WHAT IS EXPECTED
Repeat every entry exactly as given.
********************
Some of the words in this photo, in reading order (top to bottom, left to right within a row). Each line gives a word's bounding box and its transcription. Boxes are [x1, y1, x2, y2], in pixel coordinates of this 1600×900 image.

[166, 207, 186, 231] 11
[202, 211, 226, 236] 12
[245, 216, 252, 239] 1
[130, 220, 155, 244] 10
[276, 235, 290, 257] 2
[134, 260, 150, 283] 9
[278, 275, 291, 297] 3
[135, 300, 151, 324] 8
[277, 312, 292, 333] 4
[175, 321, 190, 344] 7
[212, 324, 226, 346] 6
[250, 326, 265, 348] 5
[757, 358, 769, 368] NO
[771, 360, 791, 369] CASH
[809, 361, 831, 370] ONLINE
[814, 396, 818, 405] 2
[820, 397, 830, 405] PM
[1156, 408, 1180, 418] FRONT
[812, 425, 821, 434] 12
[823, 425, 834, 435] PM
********************
ANSWER BELOW
Some of the words in this photo, in reading order (top to bottom, left to right within a row). Each line gives a word's bounding box and its transcription. Boxes are [x1, y1, x2, y2], in pixel coordinates of this 1600×900 image.

[166, 207, 186, 231] 11
[202, 211, 226, 236] 12
[245, 216, 252, 239] 1
[130, 220, 155, 244] 10
[276, 235, 290, 257] 2
[134, 260, 150, 283] 9
[278, 275, 291, 297] 3
[135, 300, 151, 324] 8
[277, 312, 292, 333] 4
[175, 321, 190, 344] 7
[212, 324, 226, 346] 6
[250, 326, 265, 348] 5
[757, 358, 769, 368] NO
[771, 360, 791, 369] CASH
[809, 361, 831, 370] ONLINE
[814, 396, 818, 405] 2
[820, 397, 830, 405] PM
[1156, 408, 1180, 418] FRONT
[812, 425, 821, 434] 12
[823, 425, 834, 435] PM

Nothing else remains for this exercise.